Why has Brick Lane always been a magnet for immigrants?
Mostly
that has to do with the fact that the docks were there so people would
come off ships down on the Thames and the East End was very close by.
I
think there are a couple of things: firstly it was very poor, so you
could find accommodation there, and so it was a cheap place to stay,
but secondly it was such a hodge-podge and it has this history of
tolerance because it was always a place outside the walls of the city
where anybody could really go and make a future for themselves.
It
was very hard to do that say in the West End of London on the other
side of London or in London itself because of the guilds and the
monopolies that existed and the fact it was walled - you could keep
people out.
I think that's why you always have this extraordinary
mix of people all having to live side by side and often with completely
different backgrounds, completely different views on the world, and
that's been the case for a long, long time, and it's certainly the case
today.
Tension between different ethnic groups is very much in the national and international news at the moment, is this reflected on Brick Lane?
I think
people get very fixated on racial tension in Britain and I think if you
look at it in that perspective, yes, of course it's relative, there is
racial tension, there has been racial tension in the past, it exists
today.
Is it a big, big problem? No, I really don't think it is. I
don't know the last time we had anything like the kind of problems
you've had in say the south of the United States where people have been
dragged behind cars or hung from trees by lynch mobs. You may have had
the Blackshirts, you may have the BNP coming in, but, generally
speaking, I think it's an unbelievably tolerant place actually and I
think that's always been the case.
What happens when a new community begins to establish itself on Brick Lane?
Generally
what's happened with groups of people coming in is they stay within
their own community until they've acclimatised. Language is the biggest
barrier often but often religion and just habits and attitutes as well.
I
think that's quite a healthy thing because it means you can get on with
your own thing. Otherwise I think there would be a lot more trouble, if
everyone was expected to immediately adopt all kinds of new attitudes
and fit in exactly as the State wants you to fit in. It doesn't give
you the chance to acclimatise and do it on your own terms.

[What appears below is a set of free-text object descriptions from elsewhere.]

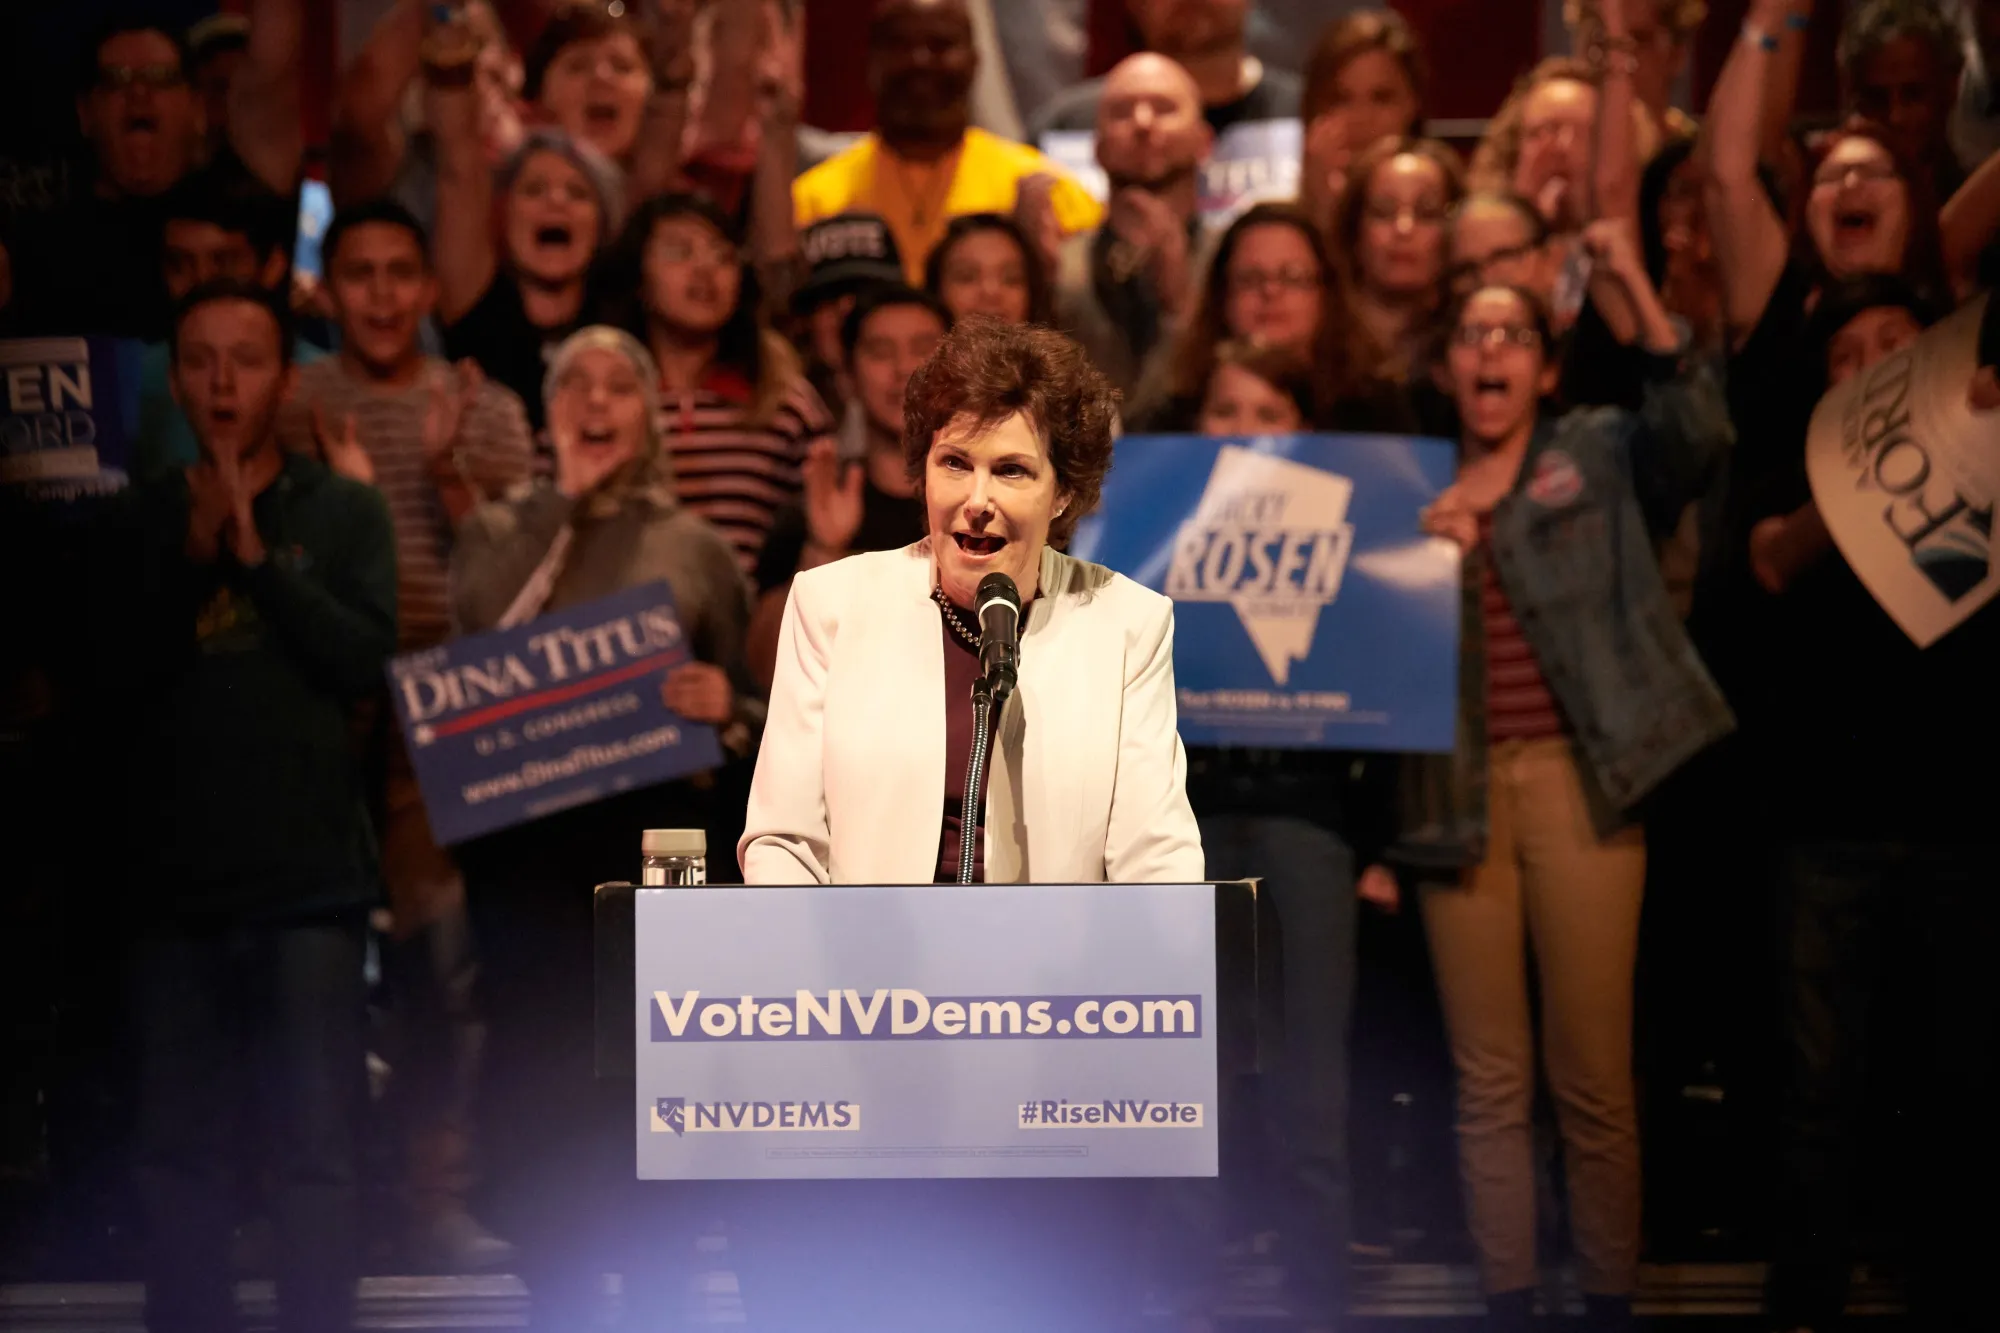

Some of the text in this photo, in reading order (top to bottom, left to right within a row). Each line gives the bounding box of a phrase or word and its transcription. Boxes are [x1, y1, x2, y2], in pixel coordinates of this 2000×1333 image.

[804, 221, 886, 263] VOTE
[0, 362, 93, 414] EN
[1863, 352, 1968, 553] FORD
[1165, 524, 1354, 602] ROSEN
[401, 605, 684, 722] DINA TITUS
[461, 724, 681, 804] www.DinaTitus.com
[654, 988, 1195, 1037] VoteNVDems.com
[694, 1099, 1197, 1128] NVDEMS #RiseNVote

How long does it take for integration to start happening?
But
it does take time. I think the press, media, these days and politicians
have decided that it's something that should happen very, very, very
quickly, and they cry ,"Oh God, you know they're not British enough!"
Well, I think in the past it's taken time, you know, certainly if you
look at the history of the Jews in the East End, it took a good two or
three generations for that community to find its feet, to sort of learn
to fit in, and it's been a great success story.
But I think it is
important that eventually groups of people coming in and living in a
new culture do learn to fit in and acclimatise. I don't think they
necessarily have to become British, if you want to to term Britishness
as, "Hey you, you should be playing cricket and drinking tea and
supporting Manchester United," or whatever.

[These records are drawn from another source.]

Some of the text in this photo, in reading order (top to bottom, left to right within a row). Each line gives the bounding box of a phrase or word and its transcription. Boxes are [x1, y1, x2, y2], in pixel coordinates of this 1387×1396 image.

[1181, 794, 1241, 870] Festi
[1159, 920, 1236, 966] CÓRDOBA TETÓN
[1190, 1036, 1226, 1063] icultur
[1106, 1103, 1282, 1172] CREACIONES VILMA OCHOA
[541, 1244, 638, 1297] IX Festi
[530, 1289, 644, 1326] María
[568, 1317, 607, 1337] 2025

As the anthropologist, Aktar asks in your book: "Are the Bangladeshi's becoming English...?"
I
went recently to a reading by a Bangladeshi lady who was reading some
of her poetry at a cultural centre in the East End of London. She was
100 per cent Bangladeshi in dress, in mind, in attitude. She was
wearing a beautiful silk sari, she spoke in the most lovely Bangladeshi
accent in English, she was reading her poetry in English.
And at
this thing there were some Bangladeshi girls in hijabs who were there
who wanted to be writers and they were listening to this lady. And they
got up and read their poetry and it was all, "Yeah, s'right 'innit" and
they had these really serious East End cockney accents, and the
contrast between these ladies was so extreme and I think you were left
in no doubt whatsoever that these East End Bangladeshi girls were 100
per cent British.
If you went up to them and said, "Hey you, what
are you?" They might tell you they're Muslim first or "We're not
British we don't like being called British" or "We're British Muslim".

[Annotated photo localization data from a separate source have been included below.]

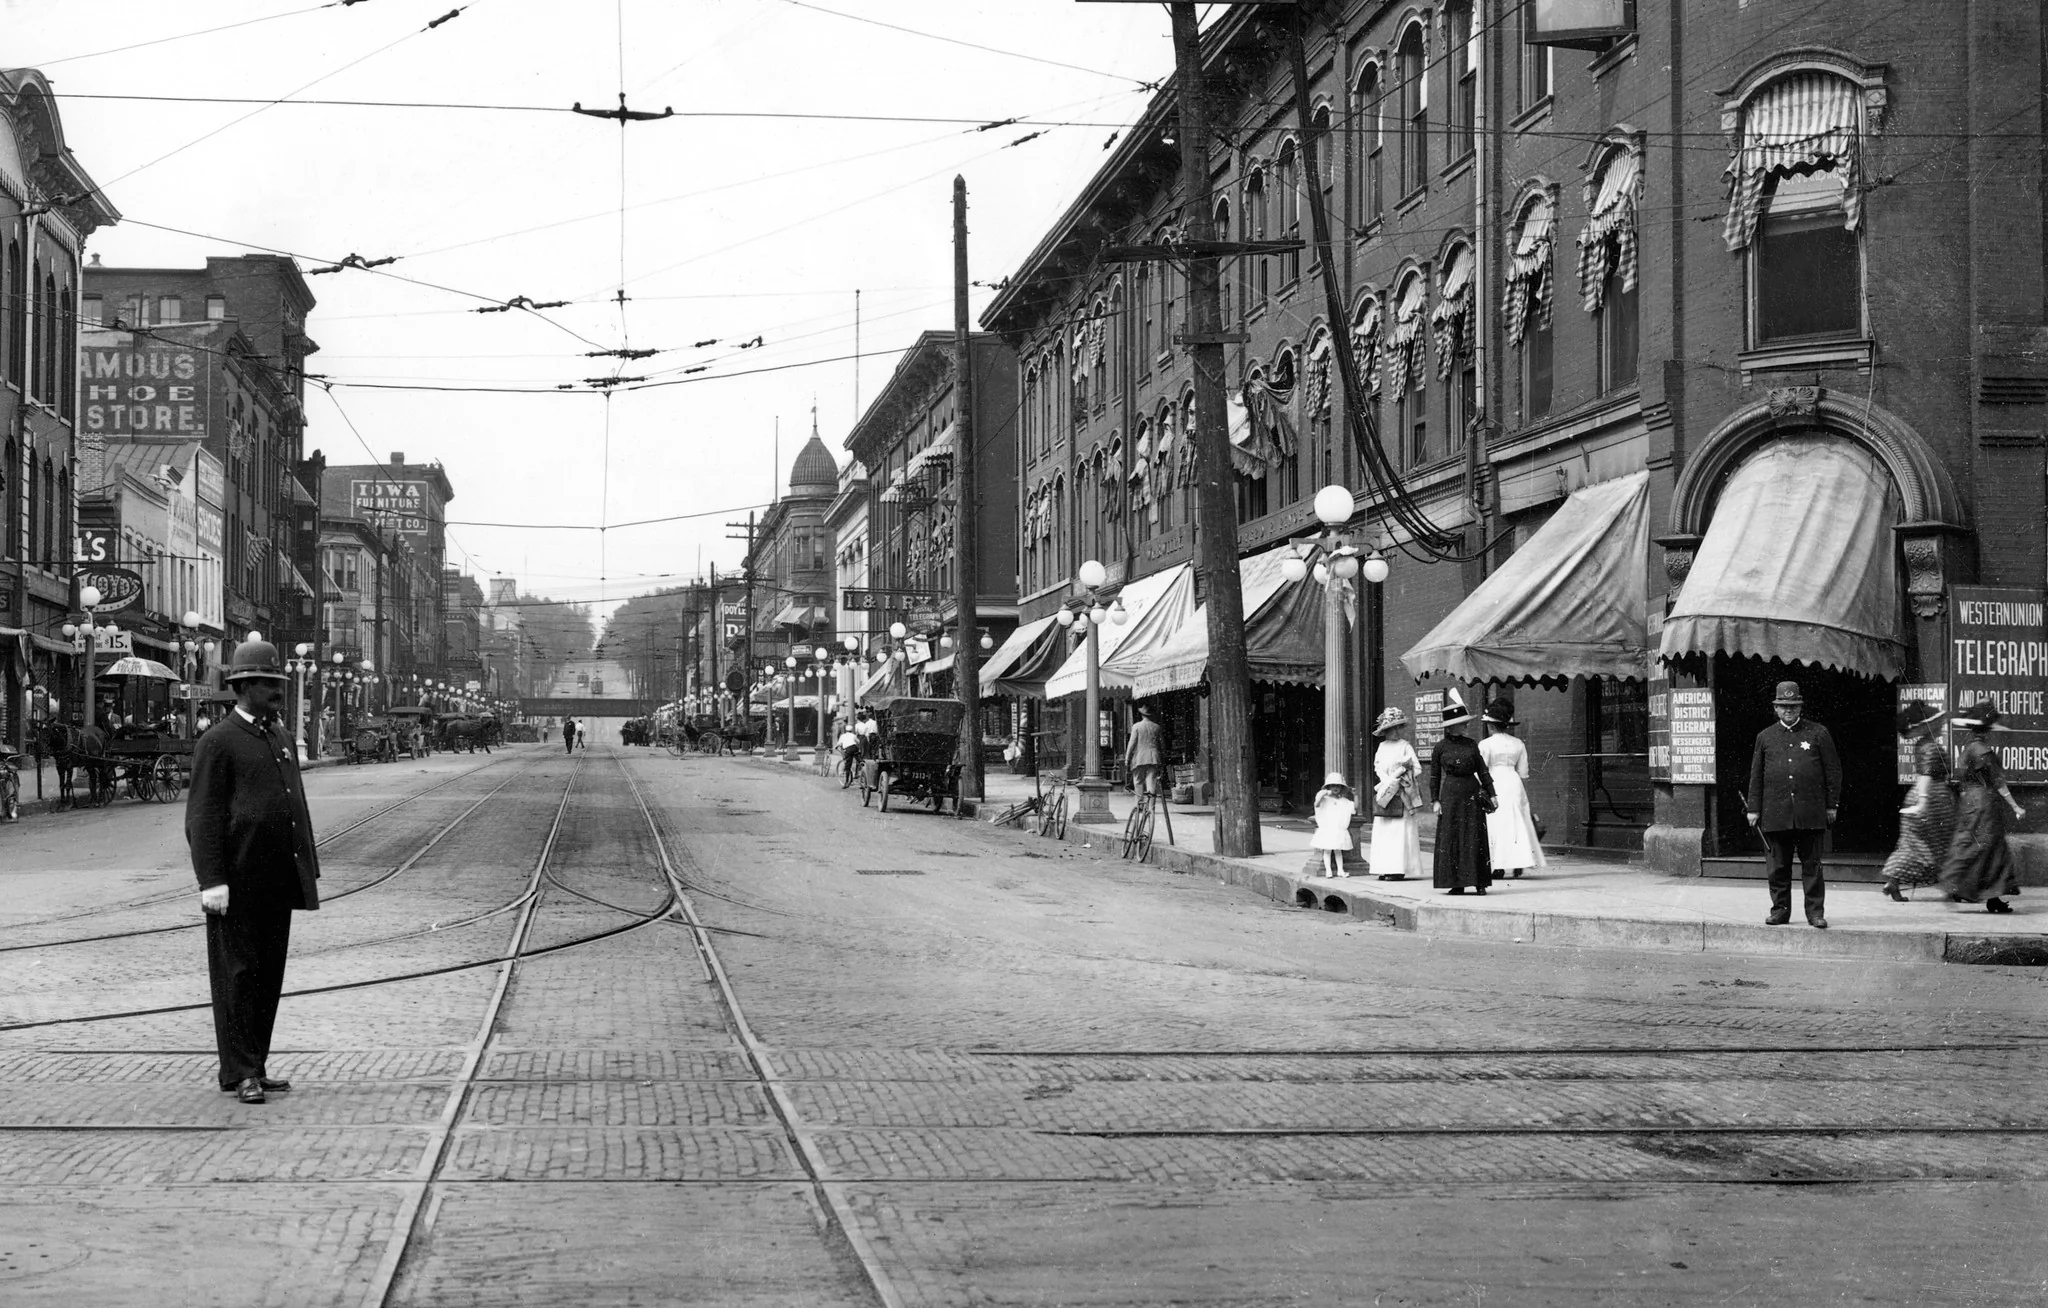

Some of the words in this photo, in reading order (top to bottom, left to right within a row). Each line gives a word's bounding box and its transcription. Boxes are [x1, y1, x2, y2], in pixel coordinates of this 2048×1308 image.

[89, 385, 195, 401] HOE
[87, 405, 204, 430] STORE.
[359, 484, 420, 497] IOWA
[357, 498, 420, 508] FURNITURE
[198, 506, 222, 548] SHOES
[406, 518, 424, 528] CO.
[863, 594, 877, 609] &
[1959, 600, 2010, 626] WESTERN
[2011, 602, 2043, 627] UNION
[1954, 639, 2048, 677] TELEGRAPH
[1673, 692, 1712, 704] AMERICAN
[1900, 688, 1945, 701] AMERICAN
[1959, 690, 1974, 708] AND
[1976, 690, 2008, 714] CBLE
[2010, 691, 2044, 715] OFFICE
[1674, 707, 1710, 719] DISTRICT
[1672, 721, 1715, 733] TELEGRAPH
[1672, 737, 1712, 746] MESSENGERS
[1677, 747, 1715, 755] FURNISHED
[1672, 755, 1682, 763] FOR
[1683, 755, 1706, 763] DELIVERY
[1707, 755, 1716, 763] OF
[2002, 746, 2048, 770] ORDERS

I don't think that when you ask people necessarily what they are
they necessarily know! It's very difficult to label people and it's
difficult to ask them to label themselves.
So I am very suspicious
of these survey's that say, "Oh dear, a lot of immigrants don't see
themselves as British." Yes, they may not but actually they really are
- if you talk to them, you listen to them, they are as British as
Norman Tebbit.
"...Or are they becoming something else, something new?"
Whether the end result is how we see Englishness today and Britishness today, no, I don't think that's the case.
I
think that this is a highly tribal culture. It's always been filled
with people from all kinds of different tribes - you've had the Scots,
the Welsh, the Cornish, the Angles, the Saxons all living side by side.
I
think what is probably emerging is a new tribe of British, if you like,
and they have different kind of customs, some of them have been brought
from other places, some of them are adapting.
And at the same time
the general fabric of the place, the English process, if you want to
call it that, is slowly absorbing them into the fabric of this place.
What's the future for Brick Lane?
I
think Brick Lane and the East End has always been an incredibly
transient place and if you look at it now as far as things are
concerned people just come and go all the time.
At the moment
you've got this huge new trendy, young British phenomenon, these people
who are quite middle class actually in their habits have suddenly moved
in because it's cheap and it's cool and it's trendy and it's grungey -
they'll all move on, there's just no question about it - they will have
children and move to the suburbs.
I think the Bangladeshis are
already starting to move on. A lot of young Bangladeshis who have
university degrees or who have been really successful in business don't
want to stick around. It's not the prettiest part of London or England,
it's still pretty poor, it's still quite rough: 80% of the population
are in council housing and I think that drives people to move on as
soon as they can.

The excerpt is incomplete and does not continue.